Problem statement: Retype the data below verbatim; pictures do not belong in the copy.

Free-text object descriptions:
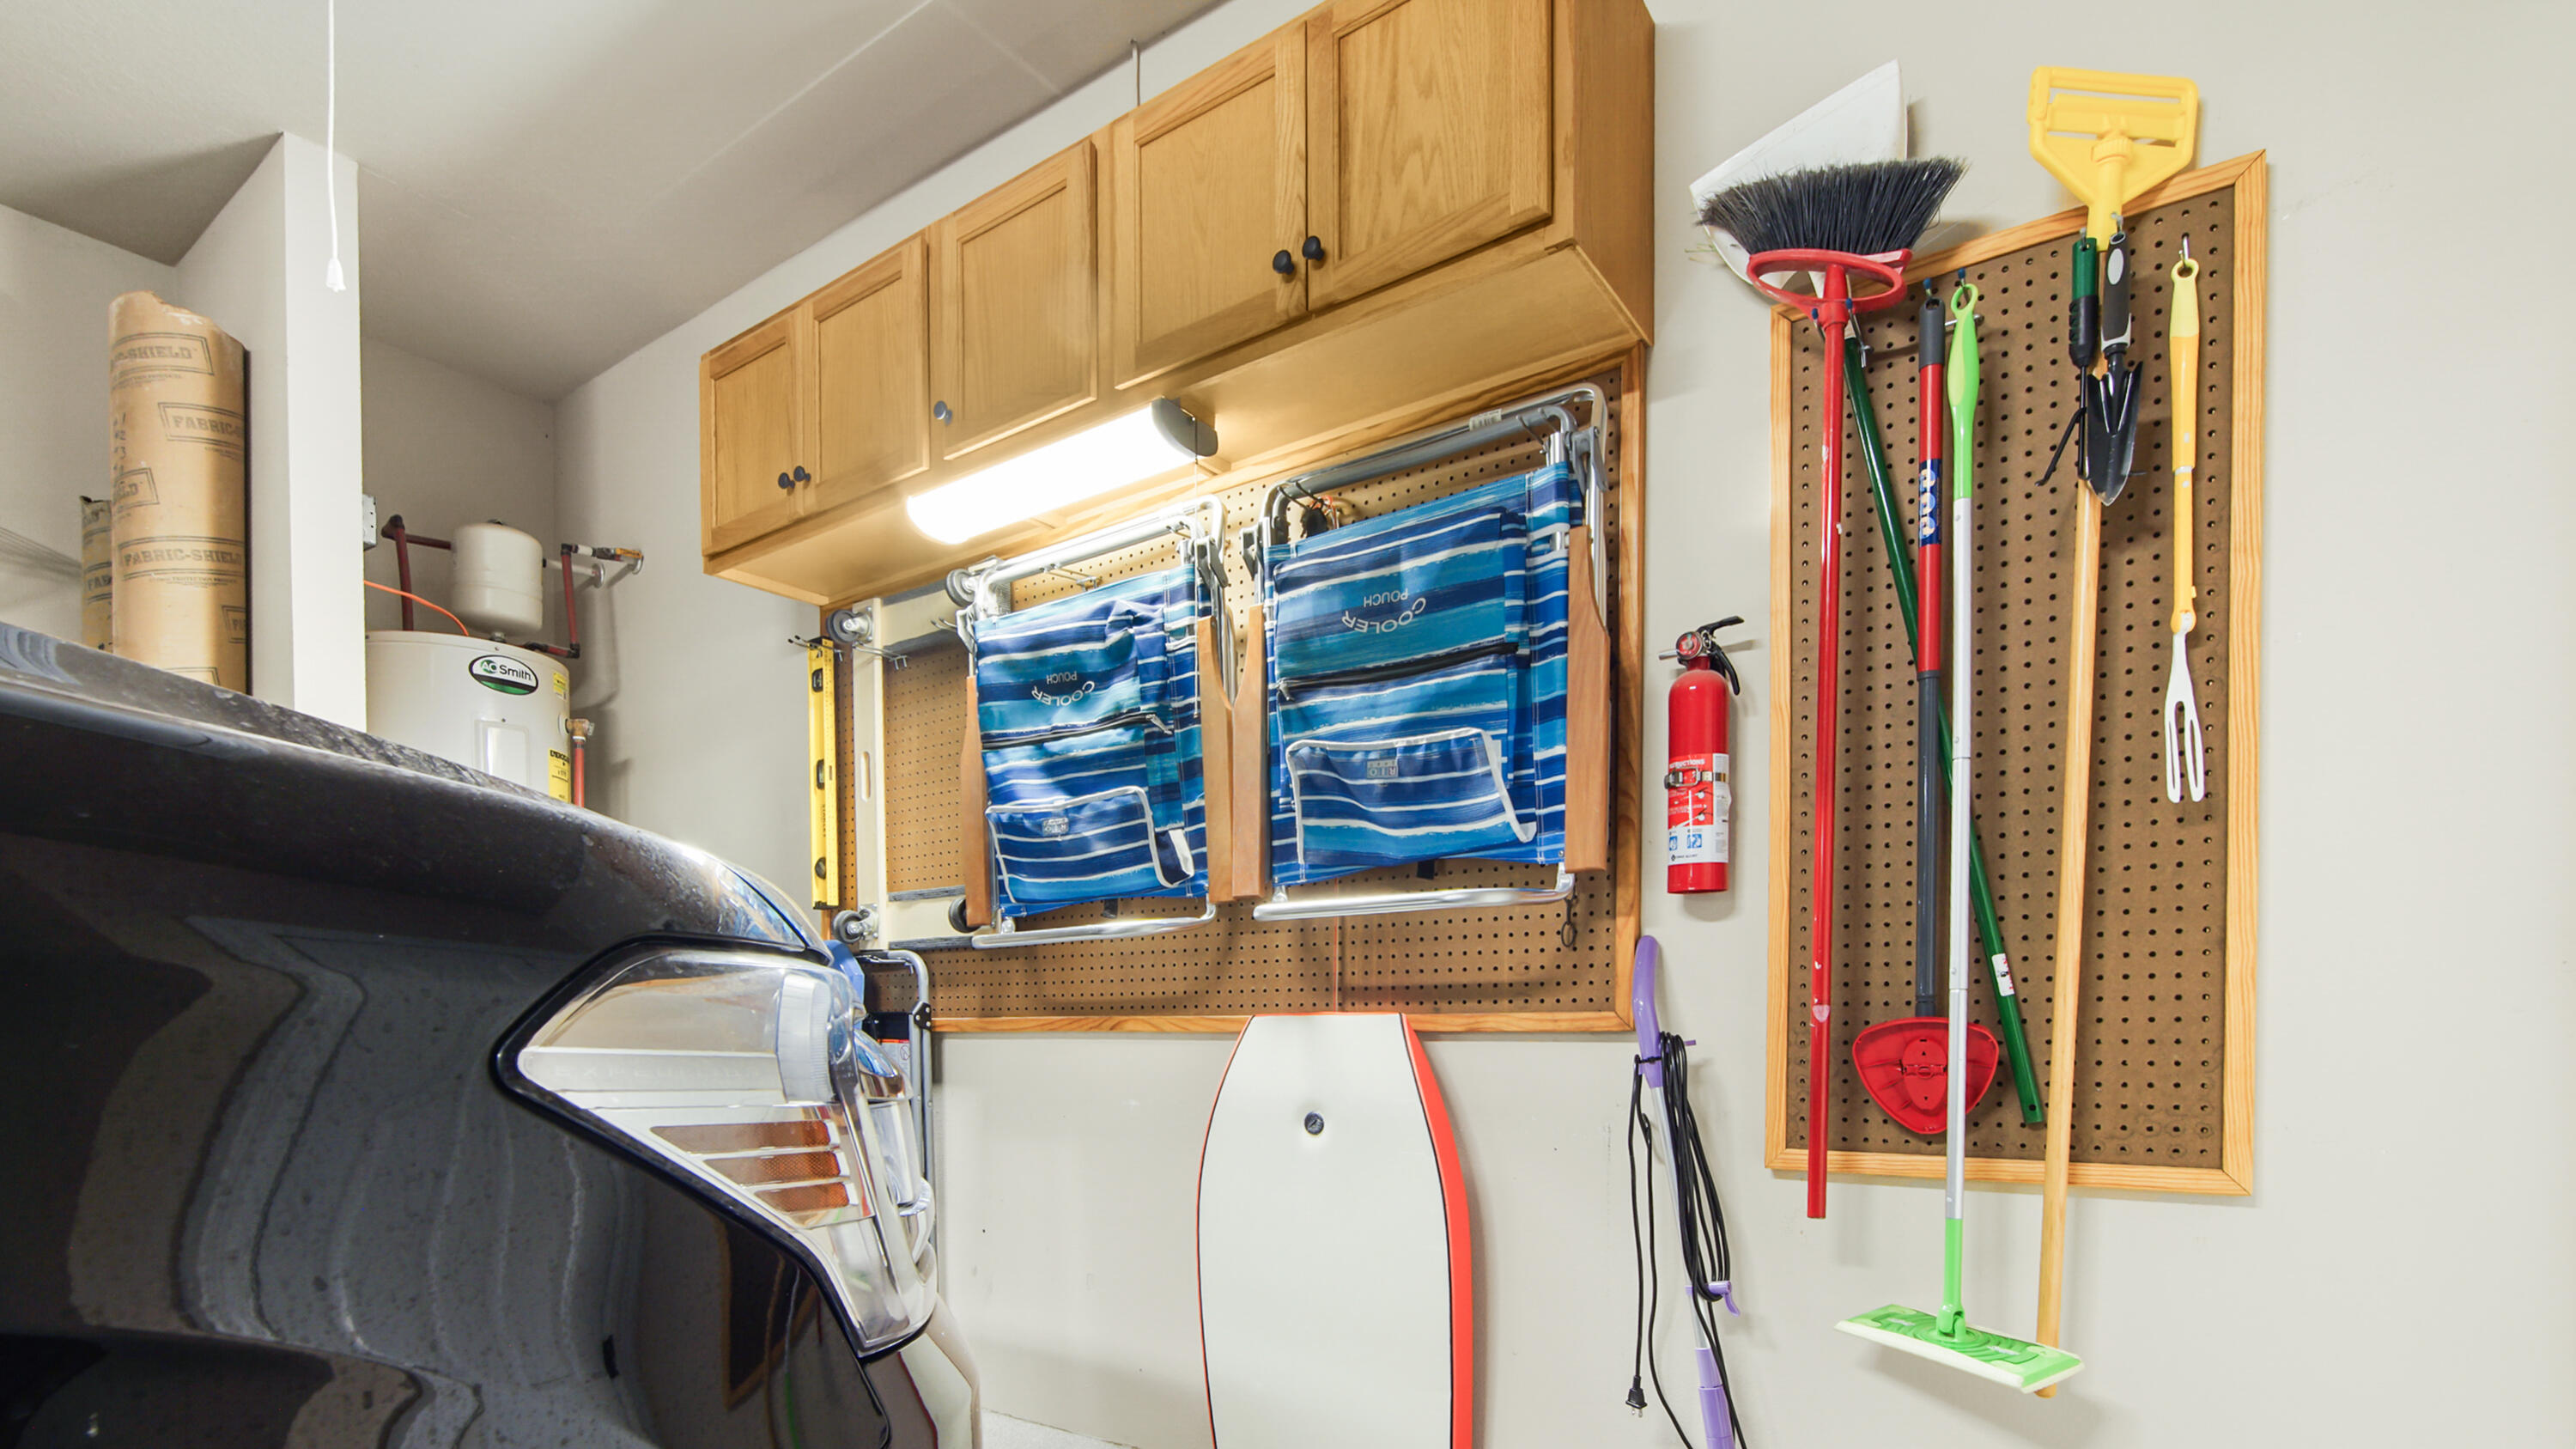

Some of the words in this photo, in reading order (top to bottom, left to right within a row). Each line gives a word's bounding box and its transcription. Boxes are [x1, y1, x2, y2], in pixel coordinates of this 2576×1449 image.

[1364, 588, 1408, 608] POUCH
[1340, 597, 1426, 634] COOLER
[499, 664, 532, 681] Smith
[1046, 671, 1078, 685] POUCH
[1031, 680, 1095, 706] COOLER
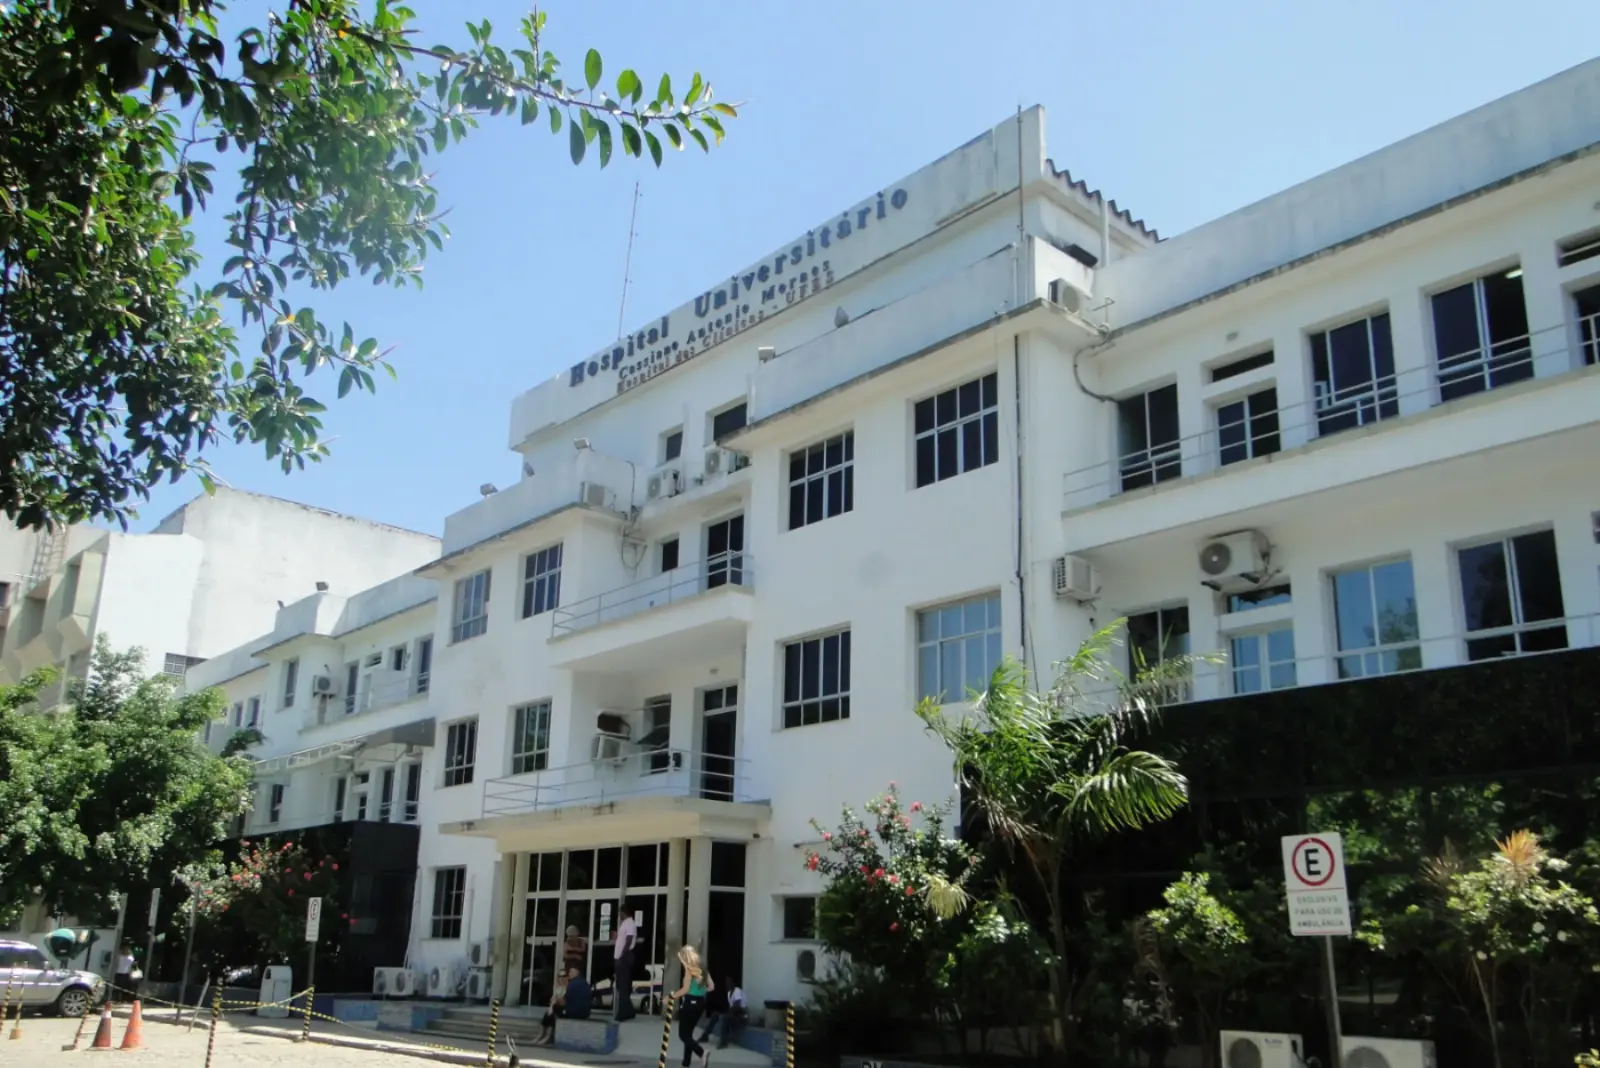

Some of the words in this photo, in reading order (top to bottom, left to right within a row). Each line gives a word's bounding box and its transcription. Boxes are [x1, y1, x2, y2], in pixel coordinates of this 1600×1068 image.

[569, 316, 669, 387] Hospital
[694, 189, 908, 318] Universitário
[619, 341, 679, 379] Cassiano
[761, 260, 830, 304] Moraes
[1304, 848, 1321, 876] E
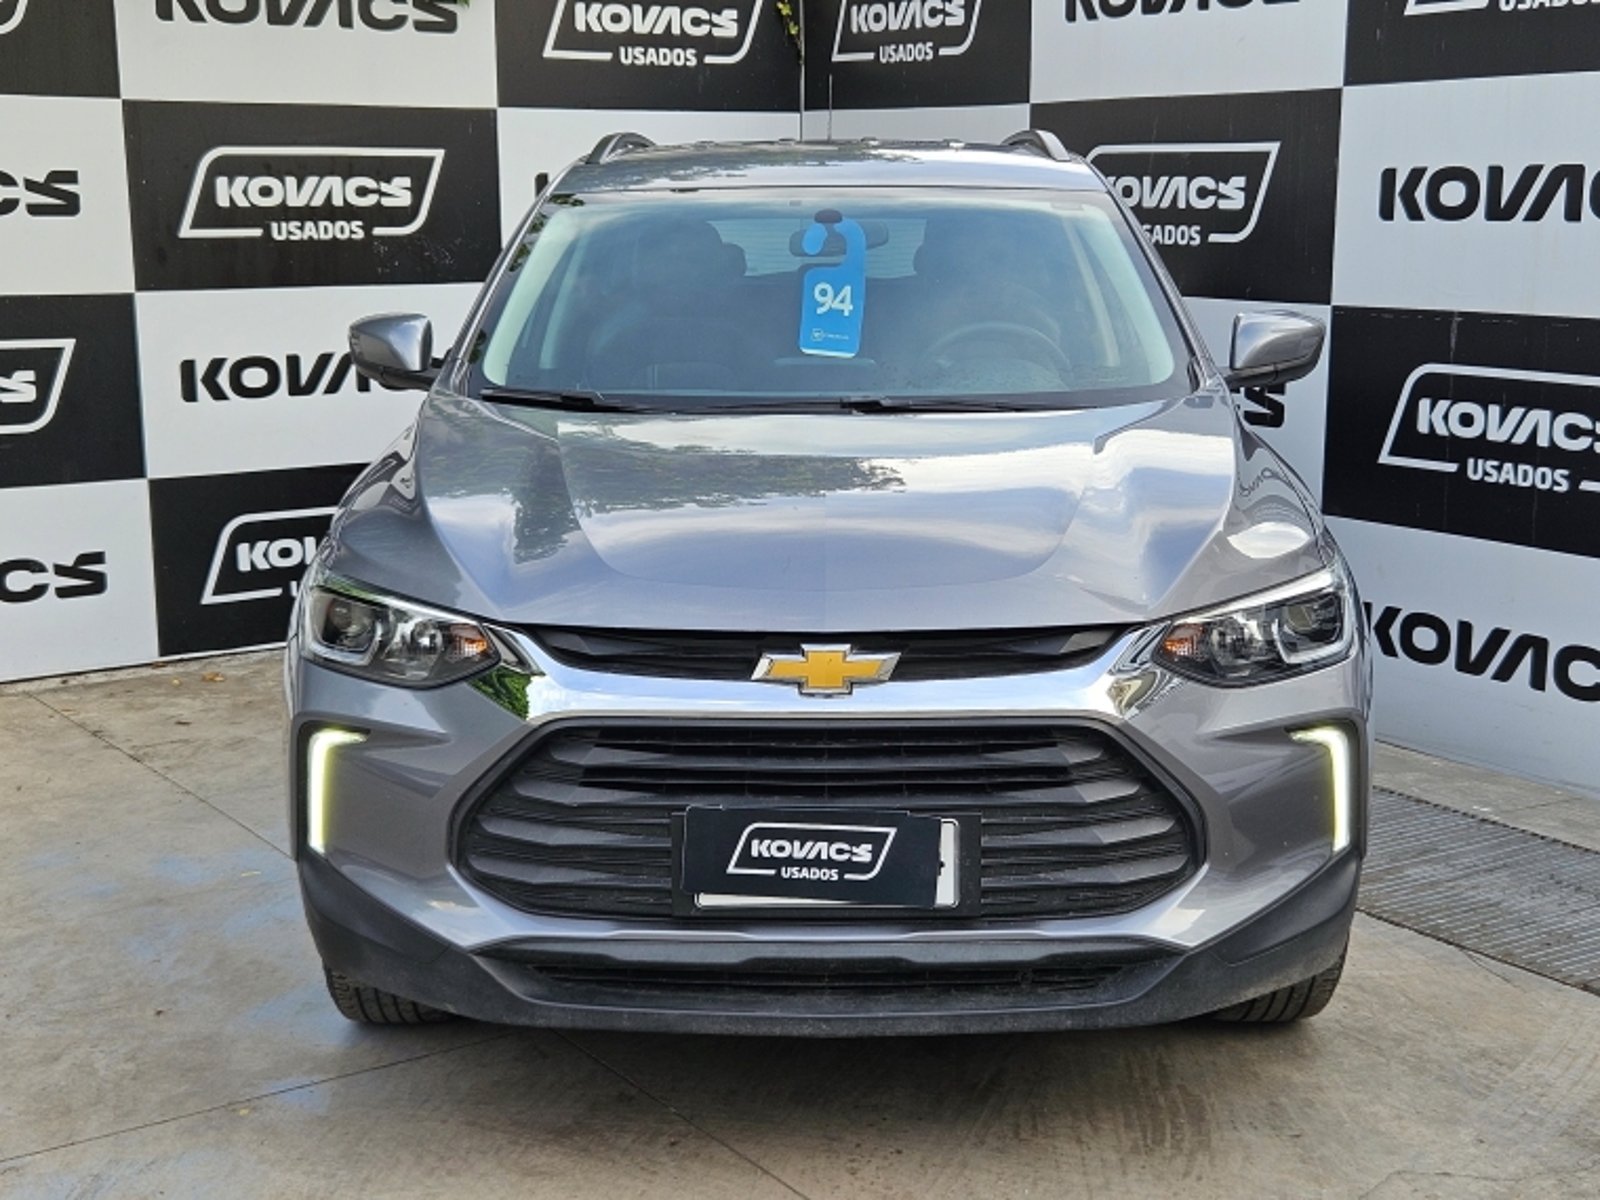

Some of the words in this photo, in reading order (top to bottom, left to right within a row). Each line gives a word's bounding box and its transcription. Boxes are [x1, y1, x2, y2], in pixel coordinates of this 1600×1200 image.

Written reply:
Some of the words in this photo, in reading order (top to bottom, left to right within a row). Each line gives a word's bounding box and its transcription. Boxes are [x1, y1, x2, y2], in pixel coordinates of this 2576×1449 image.

[1364, 588, 1408, 608] POUCH
[1340, 597, 1426, 634] COOLER
[499, 664, 532, 681] Smith
[1046, 671, 1078, 685] POUCH
[1031, 680, 1095, 706] COOLER

Some of the words in this photo, in reading order (top to bottom, left to right within a row). Each line gives a word's bounding box and its transcription. Boxes are [x1, y1, x2, y2], in pixel coordinates of this 1600×1068 image.

[569, 316, 669, 387] Hospital
[694, 189, 908, 318] Universitário
[619, 341, 679, 379] Cassiano
[761, 260, 830, 304] Moraes
[1304, 848, 1321, 876] E

Some of the words in this photo, in reading order (top to bottom, left to right within a row). Each line gives a word's bounding box and its transcription. Boxes are [x1, y1, x2, y2], in pixel coordinates of this 1600×1200 image.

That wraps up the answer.